### SUPPLIED MATERIAL
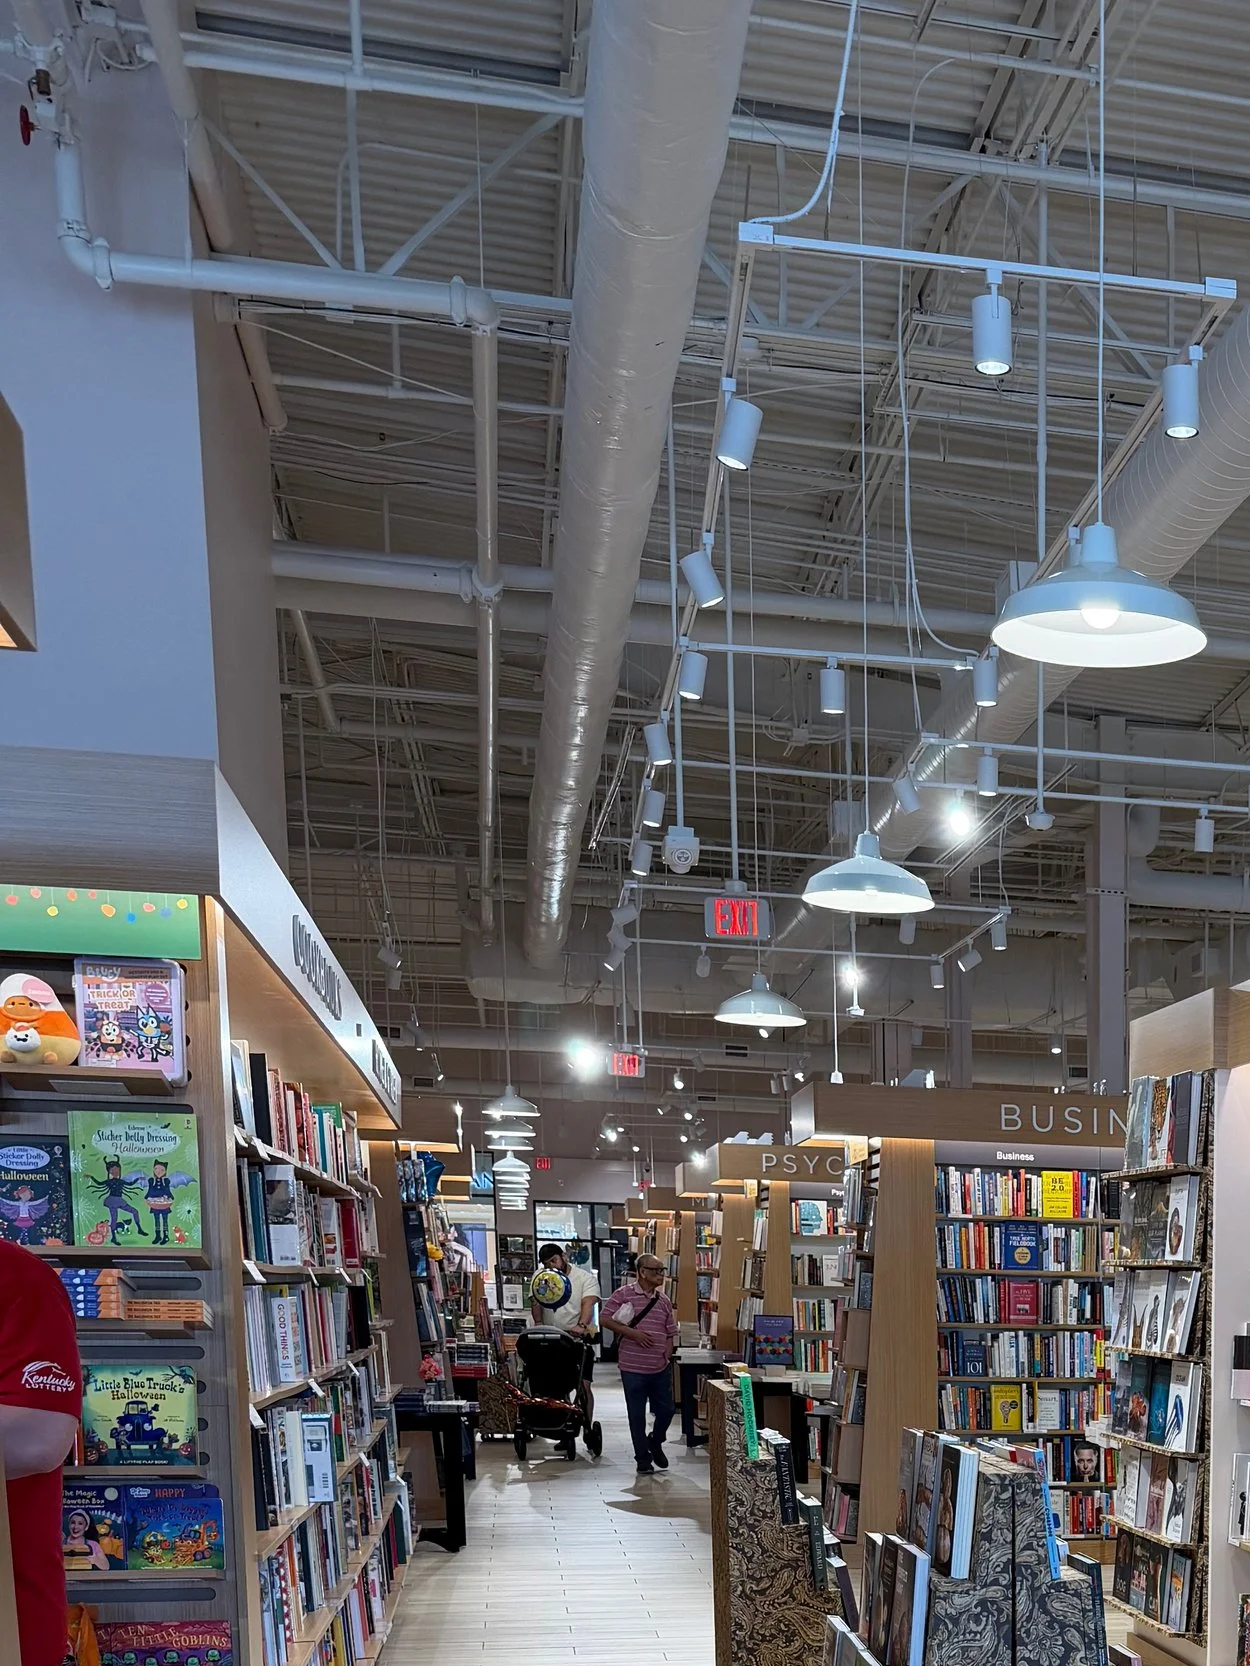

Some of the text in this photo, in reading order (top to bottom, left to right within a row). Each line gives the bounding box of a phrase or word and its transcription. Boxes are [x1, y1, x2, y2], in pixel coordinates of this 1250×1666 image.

[714, 899, 759, 936] EXIT
[90, 989, 136, 999] TRICK OR
[613, 1053, 638, 1075] EXIT
[1000, 1103, 1128, 1135] BUSIN
[97, 1130, 177, 1145] Sticker Dolly Dressing
[112, 1141, 164, 1153] Halloween
[5, 1159, 38, 1167] Dressing
[26, 1153, 44, 1162] Dolly
[996, 1152, 1035, 1162] Business
[762, 1153, 843, 1176] PSYC
[277, 1303, 290, 1361] GOOD THINGS
[967, 1362, 982, 1373] 101
[21, 1372, 76, 1391] Kentucky
[26, 1383, 74, 1392] LOTTERY
[94, 1378, 185, 1393] Little Blue Truck's
[112, 1390, 166, 1400] Halloween
[76, 1490, 96, 1498] Magic
[155, 1488, 185, 1498] HAPPY
[118, 1625, 145, 1638] TEN
[132, 1627, 179, 1646] LITTLE
[172, 1636, 227, 1648] GOBLINS
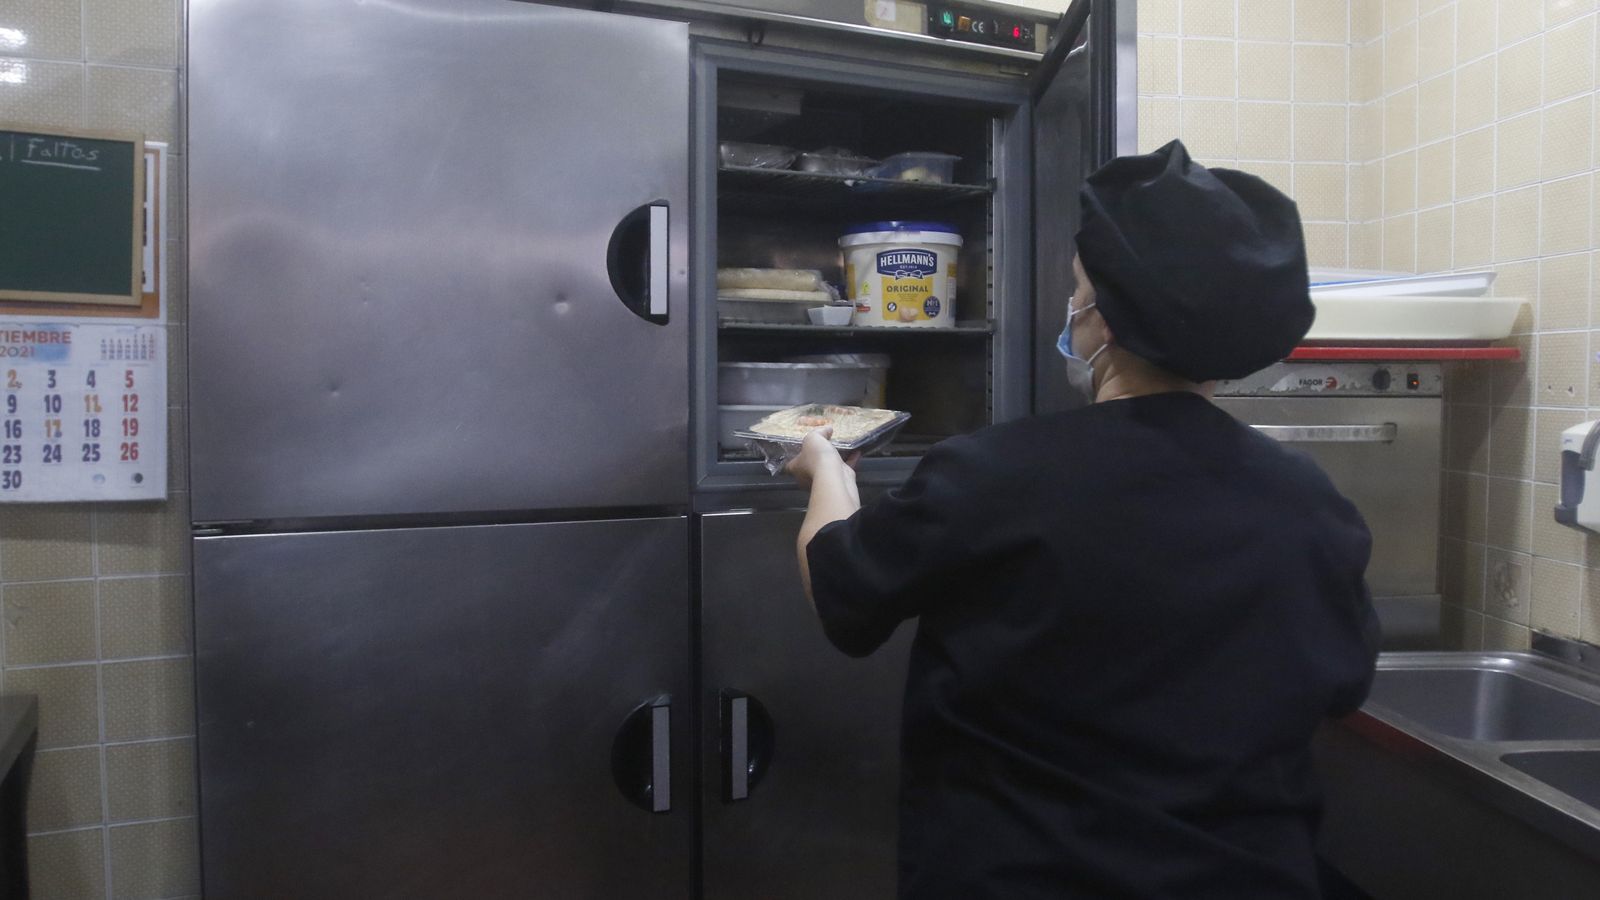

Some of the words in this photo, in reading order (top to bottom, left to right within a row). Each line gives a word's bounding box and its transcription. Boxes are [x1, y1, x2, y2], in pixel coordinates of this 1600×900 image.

[880, 253, 935, 268] HELLMANN'S
[886, 285, 929, 293] ORIGINAL
[0, 345, 36, 358] 2021
[7, 369, 17, 388] 2
[47, 369, 57, 389] 3
[86, 370, 96, 388] 4
[125, 370, 134, 389] 5
[7, 394, 17, 413] 9
[44, 394, 62, 413] 10
[122, 393, 139, 412] 12
[4, 419, 22, 439] 16
[44, 419, 62, 438] 17
[83, 418, 101, 438] 18
[122, 417, 139, 437] 19
[2, 444, 22, 464] 23
[42, 444, 62, 463] 24
[82, 443, 101, 462] 25
[120, 442, 139, 461] 26
[2, 470, 22, 490] 30
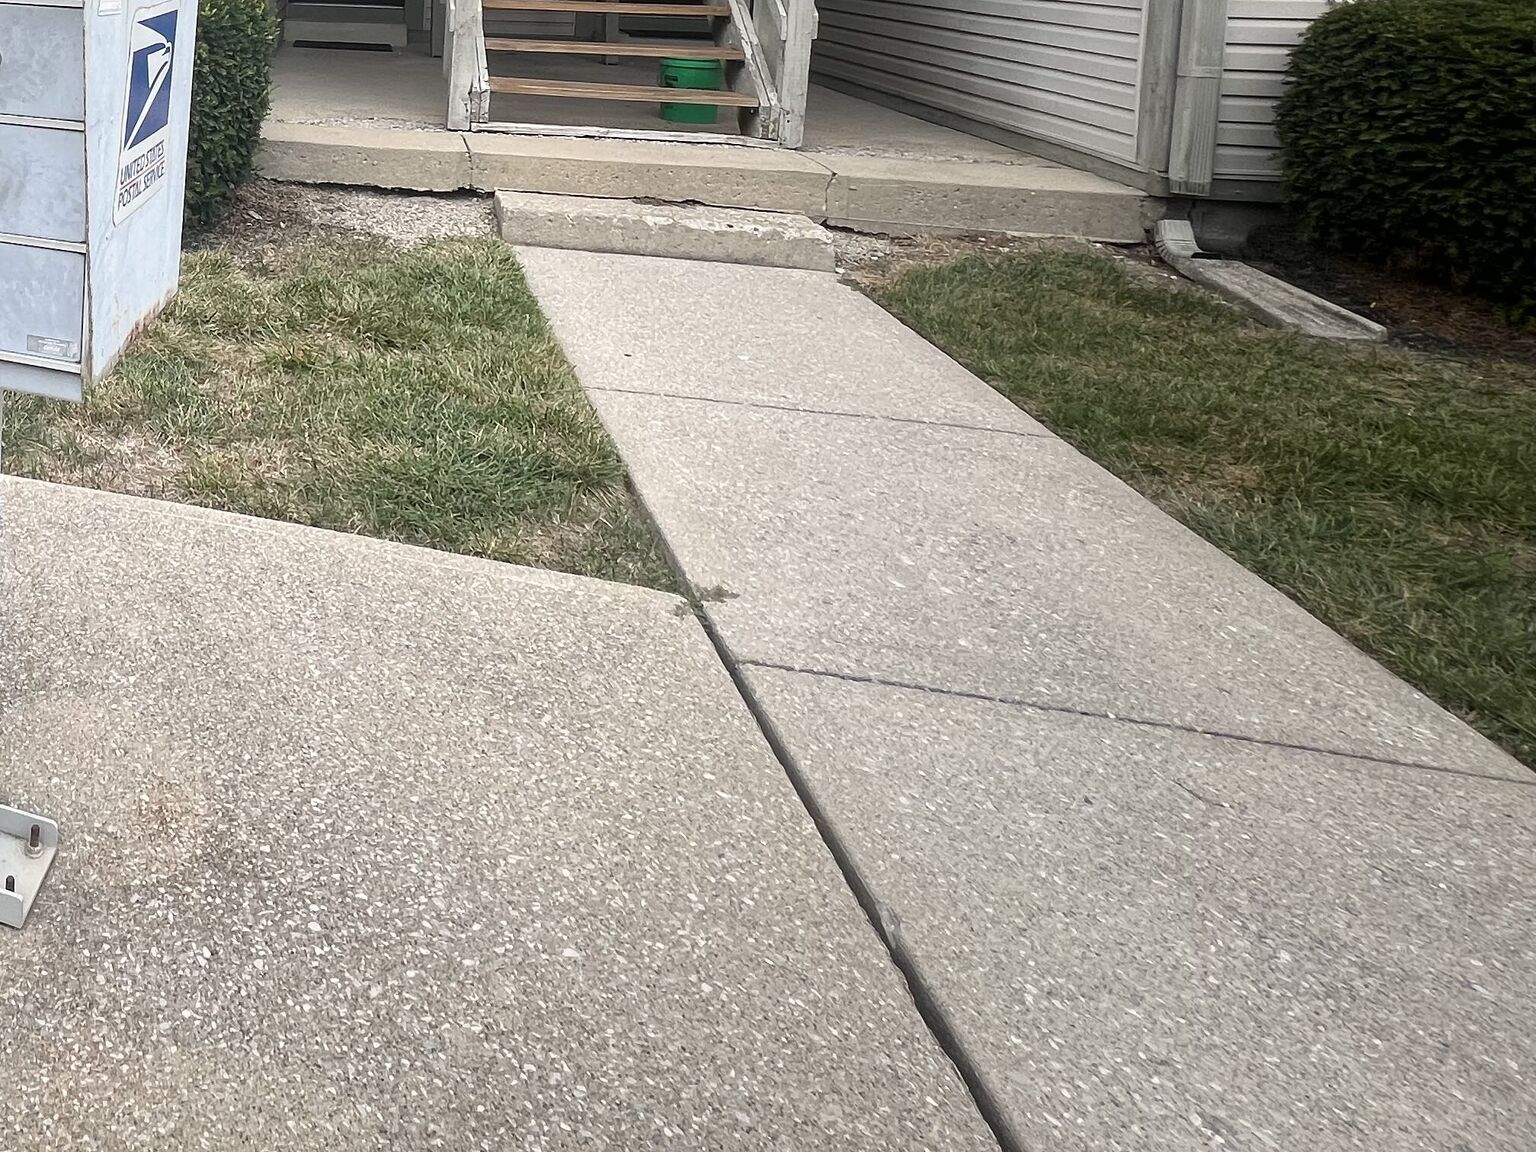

### AIM OF THE EXERCISE
The pictures should be dropped, and every line above should be set down again exactly.

### OUTPUT
Some of the text in this photo, in reading order (top to bottom, left to right within a row). Each line gives the bounding box of a phrase or word and its transcription. Boxes are [x1, y1, x2, y2], in pixel coordinates of this 1250×1666 image.

[714, 899, 759, 936] EXIT
[90, 989, 136, 999] TRICK OR
[613, 1053, 638, 1075] EXIT
[1000, 1103, 1128, 1135] BUSIN
[97, 1130, 177, 1145] Sticker Dolly Dressing
[112, 1141, 164, 1153] Halloween
[5, 1159, 38, 1167] Dressing
[26, 1153, 44, 1162] Dolly
[996, 1152, 1035, 1162] Business
[762, 1153, 843, 1176] PSYC
[277, 1303, 290, 1361] GOOD THINGS
[967, 1362, 982, 1373] 101
[21, 1372, 76, 1391] Kentucky
[26, 1383, 74, 1392] LOTTERY
[94, 1378, 185, 1393] Little Blue Truck's
[112, 1390, 166, 1400] Halloween
[76, 1490, 96, 1498] Magic
[155, 1488, 185, 1498] HAPPY
[118, 1625, 145, 1638] TEN
[132, 1627, 179, 1646] LITTLE
[172, 1636, 227, 1648] GOBLINS

Some of the words in this photo, in reading order (top to bottom, left to right within a row). Each line gives a word's bounding box and its transcription. Boxes are [x1, y1, x2, y2], in pixel coordinates of this 1600×900 image.

[880, 253, 935, 268] HELLMANN'S
[886, 285, 929, 293] ORIGINAL
[0, 345, 36, 358] 2021
[7, 369, 17, 388] 2
[47, 369, 57, 389] 3
[86, 370, 96, 388] 4
[125, 370, 134, 389] 5
[7, 394, 17, 413] 9
[44, 394, 62, 413] 10
[122, 393, 139, 412] 12
[4, 419, 22, 439] 16
[44, 419, 62, 438] 17
[83, 418, 101, 438] 18
[122, 417, 139, 437] 19
[2, 444, 22, 464] 23
[42, 444, 62, 463] 24
[82, 443, 101, 462] 25
[120, 442, 139, 461] 26
[2, 470, 22, 490] 30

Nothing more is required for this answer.